Building a relationship and establishing mutual trust with the enigmatic superstar hasn’t been a linear process. As the season’s unfolded, there have been a few bumps in the road and moments of doubt. But things appear to be trending in the right direction and the timing couldn’t be better, with the playoffs less than three weeks away and the start of free agency two and a half months after that.
The Clippers – like the Lakers, who some league insiders believe to be less of a draw to Leonard – can offer at least a few things Toronto can’t. They can offer a warmer climate and an opportunity for the California native to play closer to home. If those are the factors that end up powering Leonard’s decision, the Raptors don’t stand a chance and likely never did.
However, as they’ve gotten to know Leonard better, they have come to understand the other priorities that drive him on daily basis.
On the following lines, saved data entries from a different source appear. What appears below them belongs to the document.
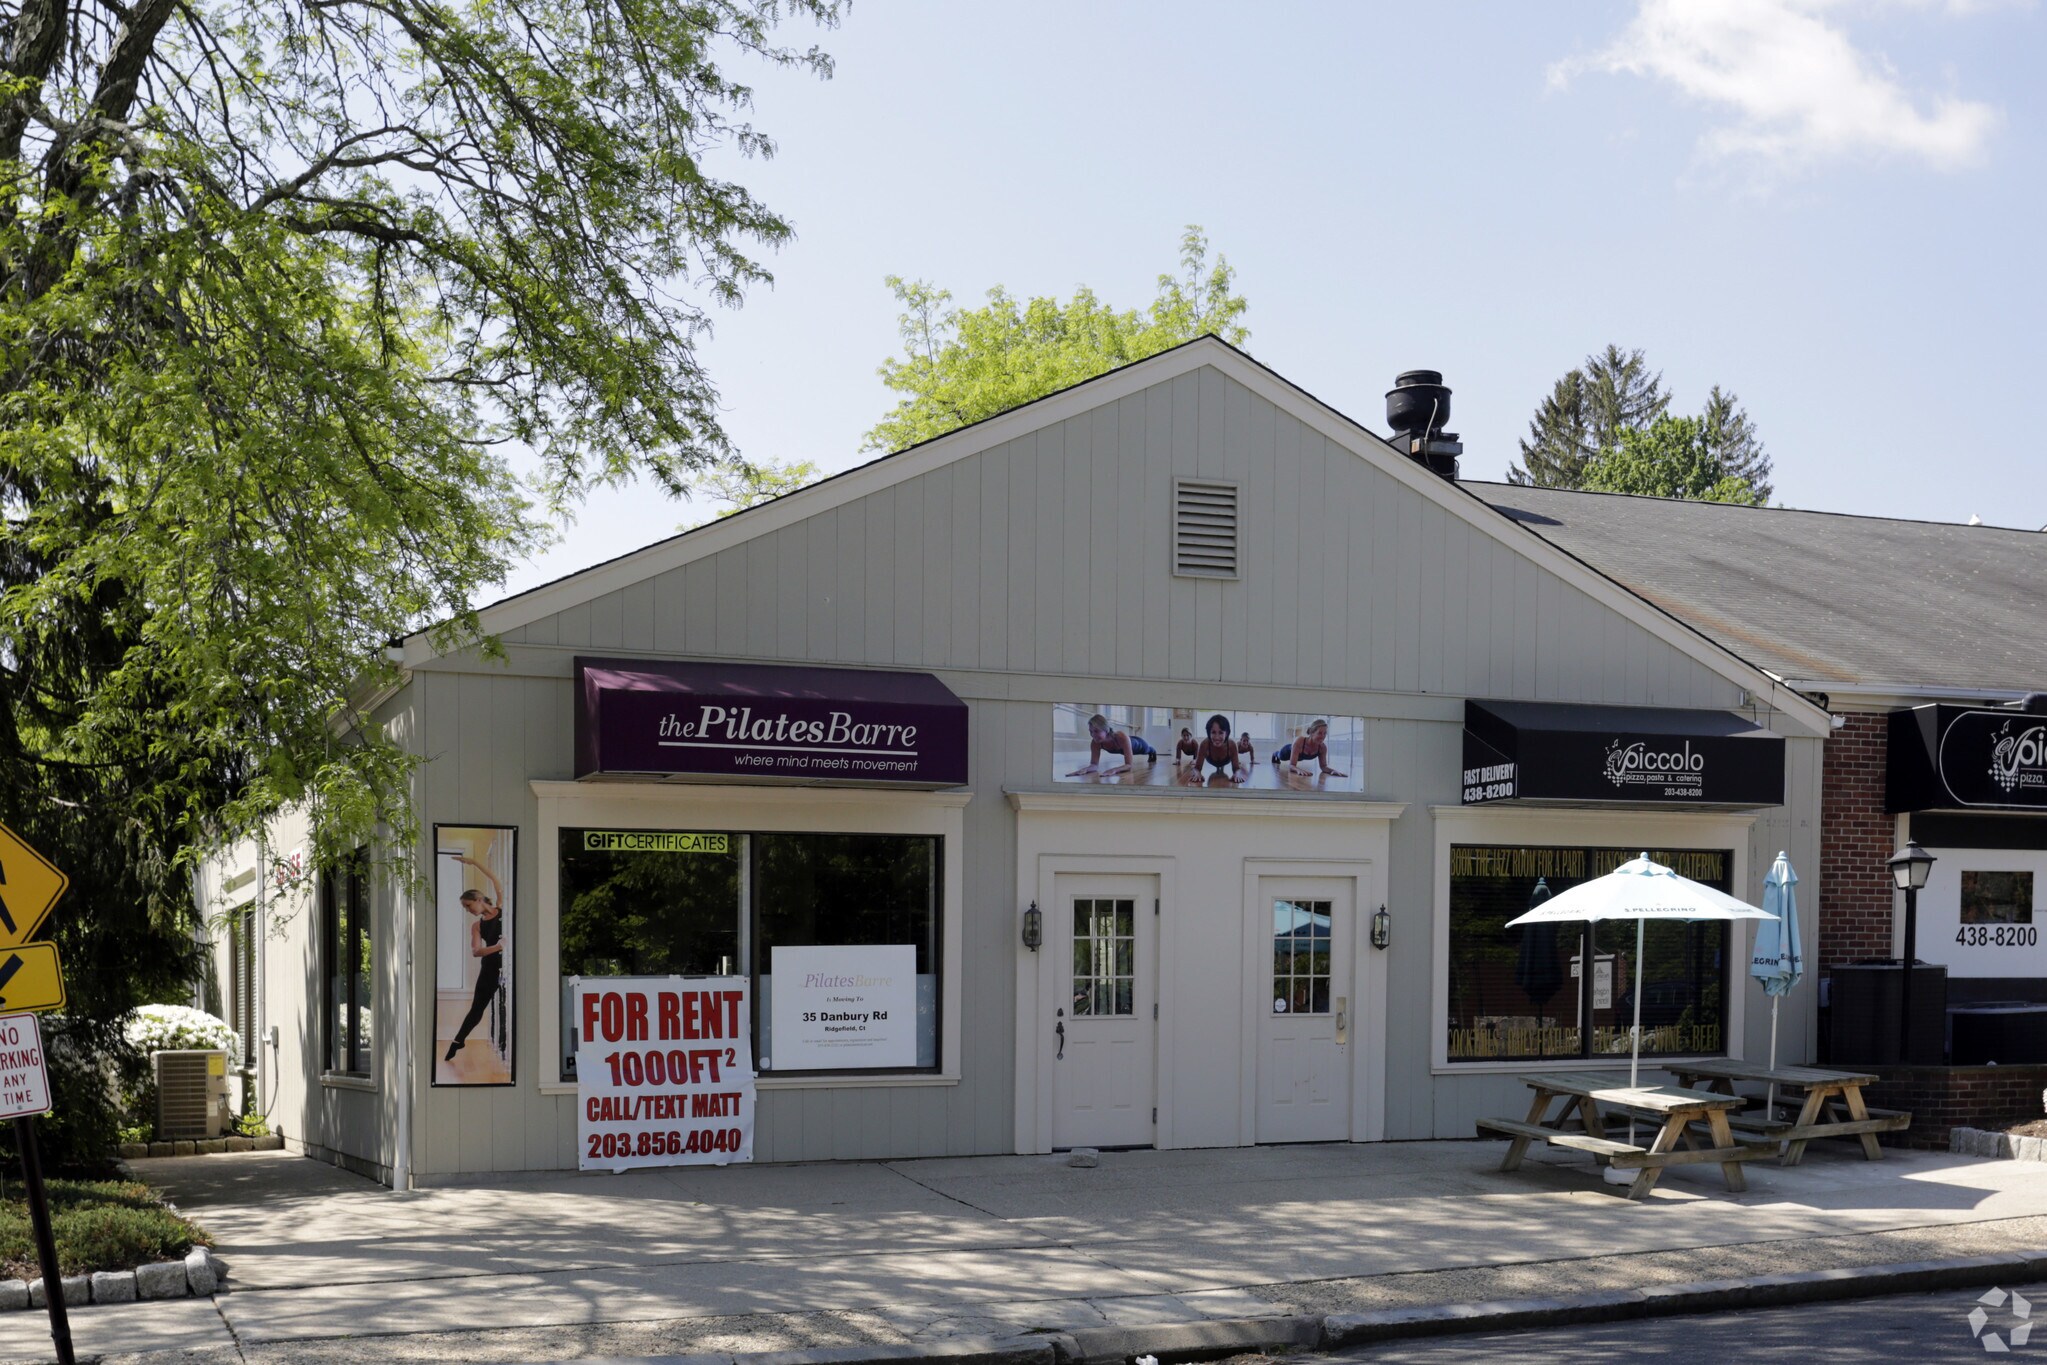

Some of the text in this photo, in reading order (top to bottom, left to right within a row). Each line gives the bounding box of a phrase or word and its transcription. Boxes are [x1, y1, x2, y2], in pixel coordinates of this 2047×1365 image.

[734, 754, 918, 772] where mind meets movement
[1609, 740, 1704, 776] piccolo
[1463, 763, 1514, 786] FAST DELIVERY
[1625, 773, 1703, 787] pizza, pasta & catering
[1463, 782, 1513, 801] 438-8200
[1664, 787, 1703, 797] 203-438-8200
[1450, 848, 1586, 878] BOOK THE JAZZ ROOM FOR A PARTY
[1680, 852, 1723, 881] CATERING
[1955, 926, 2037, 947] 438-8200
[582, 990, 743, 1043] FOR RENT
[802, 1011, 888, 1023] 35 Danbury Rd
[824, 1025, 858, 1033] Ridgefield,
[1692, 1025, 1720, 1052] BEER
[0, 1048, 39, 1071] RKING
[4, 1073, 26, 1089] ANY
[3, 1089, 33, 1106] TIME
[586, 1092, 742, 1123] CALL/TEXT MATT
[587, 1128, 742, 1159] 203.856.4040
That’s what their pitch will centre on: trust, familiarity, a commitment to maintaining his health and the shared goal of chasing a championship, as well as the extra year and contract worth nearly $50 million more than anyone else can offer.
One thing they can fall back on, and perhaps their biggest advantage over the Clippers or any other interested team, is their nearly 12-month head start at earning his trust.
When Raptors management, led by president Masai Ujiri and GM Bobby Webster, first sat down with Leonard shortly after they had acquired the all-star forward in last July’s blockbuster trade with San Antonio, they wanted to know what he valued most. His answer was the same as he gave on media day months later: he wants to have a long and healthy NBA career
That extends to how they’ve managed his workload. He and Toronto’s highly regarded medical staff, led by director of sports science Alex McKechnie, are in constant communication over his health. They run regular tests, give him treatment and work together to determine when he plays and when he sits. If he feels like he needs a night off, they give him a night off. When he felt like he was hitting a wall in January, they gave him a week off.
As it turned out, 12 months is more than enough time to recruit a player when you have him in your gym every day, especially if you’re confident in your team’s culture.
The odds are stacked against them, at least that's the perception around the league, but they like their chances.
“We all have ideas of what we think’s going to happen,” Webster told TSN Radio last month. “The tough part is, does that happen?”
“We understand things [can] change, but we’re very happy with Kawhi and where things are going.”